(Spatial localization data)

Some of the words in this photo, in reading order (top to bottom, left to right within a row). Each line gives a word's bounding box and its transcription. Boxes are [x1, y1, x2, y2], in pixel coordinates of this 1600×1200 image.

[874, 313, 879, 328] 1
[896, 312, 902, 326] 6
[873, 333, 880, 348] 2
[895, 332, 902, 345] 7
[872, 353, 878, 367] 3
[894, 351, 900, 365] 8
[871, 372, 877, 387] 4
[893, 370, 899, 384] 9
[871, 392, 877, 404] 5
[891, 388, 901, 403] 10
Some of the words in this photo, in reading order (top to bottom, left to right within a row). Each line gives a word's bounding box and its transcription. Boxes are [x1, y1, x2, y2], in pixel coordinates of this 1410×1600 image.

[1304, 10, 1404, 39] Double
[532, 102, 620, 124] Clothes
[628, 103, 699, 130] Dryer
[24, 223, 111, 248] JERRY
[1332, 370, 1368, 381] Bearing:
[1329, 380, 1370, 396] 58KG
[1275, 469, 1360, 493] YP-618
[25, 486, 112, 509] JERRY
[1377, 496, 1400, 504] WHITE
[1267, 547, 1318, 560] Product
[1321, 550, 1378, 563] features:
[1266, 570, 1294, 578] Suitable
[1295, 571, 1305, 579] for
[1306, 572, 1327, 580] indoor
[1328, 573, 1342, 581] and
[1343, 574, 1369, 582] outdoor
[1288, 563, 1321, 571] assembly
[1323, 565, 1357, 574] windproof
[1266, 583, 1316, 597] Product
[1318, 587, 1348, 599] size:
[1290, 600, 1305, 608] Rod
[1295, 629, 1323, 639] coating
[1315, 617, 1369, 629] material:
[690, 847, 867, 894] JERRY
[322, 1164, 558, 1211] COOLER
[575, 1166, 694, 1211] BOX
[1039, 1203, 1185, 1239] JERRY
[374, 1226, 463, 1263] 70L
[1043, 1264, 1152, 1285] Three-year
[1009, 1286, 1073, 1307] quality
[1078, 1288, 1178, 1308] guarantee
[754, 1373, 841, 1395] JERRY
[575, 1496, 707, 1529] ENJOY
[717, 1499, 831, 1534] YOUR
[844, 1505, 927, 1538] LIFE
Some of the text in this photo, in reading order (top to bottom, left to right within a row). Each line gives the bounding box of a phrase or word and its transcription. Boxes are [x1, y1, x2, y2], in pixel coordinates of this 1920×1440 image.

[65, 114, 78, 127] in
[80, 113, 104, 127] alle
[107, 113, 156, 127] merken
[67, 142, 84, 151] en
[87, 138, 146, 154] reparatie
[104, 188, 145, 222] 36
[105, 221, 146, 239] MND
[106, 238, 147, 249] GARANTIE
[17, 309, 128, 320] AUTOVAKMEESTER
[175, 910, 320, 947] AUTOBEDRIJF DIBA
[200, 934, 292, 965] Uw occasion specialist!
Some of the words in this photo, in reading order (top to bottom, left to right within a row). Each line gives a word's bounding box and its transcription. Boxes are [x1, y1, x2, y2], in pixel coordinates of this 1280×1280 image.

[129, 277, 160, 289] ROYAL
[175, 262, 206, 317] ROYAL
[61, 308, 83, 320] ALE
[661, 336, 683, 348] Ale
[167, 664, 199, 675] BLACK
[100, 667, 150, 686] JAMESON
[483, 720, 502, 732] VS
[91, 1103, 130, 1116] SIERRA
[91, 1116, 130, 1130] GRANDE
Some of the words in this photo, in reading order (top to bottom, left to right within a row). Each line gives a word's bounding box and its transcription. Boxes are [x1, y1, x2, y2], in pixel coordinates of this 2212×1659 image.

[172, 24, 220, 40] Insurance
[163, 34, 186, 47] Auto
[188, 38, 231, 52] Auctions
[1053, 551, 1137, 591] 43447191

**WHAT THIS TASK INVOLVES:**
Your response must consist of all the records, retyped exactly.

**THE COMPLETED TASK:**
Some of the words in this photo, in reading order (top to bottom, left to right within a row). Each line gives a word's bounding box and its transcription. Boxes are [x1, y1, x2, y2], in pixel coordinates of this 1600×1200 image.

[874, 313, 879, 328] 1
[896, 312, 902, 326] 6
[873, 333, 880, 348] 2
[895, 332, 902, 345] 7
[872, 353, 878, 367] 3
[894, 351, 900, 365] 8
[871, 372, 877, 387] 4
[893, 370, 899, 384] 9
[871, 392, 877, 404] 5
[891, 388, 901, 403] 10
Some of the words in this photo, in reading order (top to bottom, left to right within a row). Each line gives a word's bounding box and its transcription. Boxes are [x1, y1, x2, y2], in pixel coordinates of this 1410×1600 image.

[1304, 10, 1404, 39] Double
[532, 102, 620, 124] Clothes
[628, 103, 699, 130] Dryer
[24, 223, 111, 248] JERRY
[1332, 370, 1368, 381] Bearing:
[1329, 380, 1370, 396] 58KG
[1275, 469, 1360, 493] YP-618
[25, 486, 112, 509] JERRY
[1377, 496, 1400, 504] WHITE
[1267, 547, 1318, 560] Product
[1321, 550, 1378, 563] features:
[1266, 570, 1294, 578] Suitable
[1295, 571, 1305, 579] for
[1306, 572, 1327, 580] indoor
[1328, 573, 1342, 581] and
[1343, 574, 1369, 582] outdoor
[1288, 563, 1321, 571] assembly
[1323, 565, 1357, 574] windproof
[1266, 583, 1316, 597] Product
[1318, 587, 1348, 599] size:
[1290, 600, 1305, 608] Rod
[1295, 629, 1323, 639] coating
[1315, 617, 1369, 629] material:
[690, 847, 867, 894] JERRY
[322, 1164, 558, 1211] COOLER
[575, 1166, 694, 1211] BOX
[1039, 1203, 1185, 1239] JERRY
[374, 1226, 463, 1263] 70L
[1043, 1264, 1152, 1285] Three-year
[1009, 1286, 1073, 1307] quality
[1078, 1288, 1178, 1308] guarantee
[754, 1373, 841, 1395] JERRY
[575, 1496, 707, 1529] ENJOY
[717, 1499, 831, 1534] YOUR
[844, 1505, 927, 1538] LIFE
Some of the text in this photo, in reading order (top to bottom, left to right within a row). Each line gives the bounding box of a phrase or word and its transcription. Boxes are [x1, y1, x2, y2], in pixel coordinates of this 1920×1440 image.

[65, 114, 78, 127] in
[80, 113, 104, 127] alle
[107, 113, 156, 127] merken
[67, 142, 84, 151] en
[87, 138, 146, 154] reparatie
[104, 188, 145, 222] 36
[105, 221, 146, 239] MND
[106, 238, 147, 249] GARANTIE
[17, 309, 128, 320] AUTOVAKMEESTER
[175, 910, 320, 947] AUTOBEDRIJF DIBA
[200, 934, 292, 965] Uw occasion specialist!
Some of the words in this photo, in reading order (top to bottom, left to right within a row). Each line gives a word's bounding box and its transcription. Boxes are [x1, y1, x2, y2], in pixel coordinates of this 1280×1280 image.

[129, 277, 160, 289] ROYAL
[175, 262, 206, 317] ROYAL
[61, 308, 83, 320] ALE
[661, 336, 683, 348] Ale
[167, 664, 199, 675] BLACK
[100, 667, 150, 686] JAMESON
[483, 720, 502, 732] VS
[91, 1103, 130, 1116] SIERRA
[91, 1116, 130, 1130] GRANDE
Some of the words in this photo, in reading order (top to bottom, left to right within a row). Each line gives a word's bounding box and its transcription. Boxes are [x1, y1, x2, y2], in pixel coordinates of this 2212×1659 image.

[172, 24, 220, 40] Insurance
[163, 34, 186, 47] Auto
[188, 38, 231, 52] Auctions
[1053, 551, 1137, 591] 43447191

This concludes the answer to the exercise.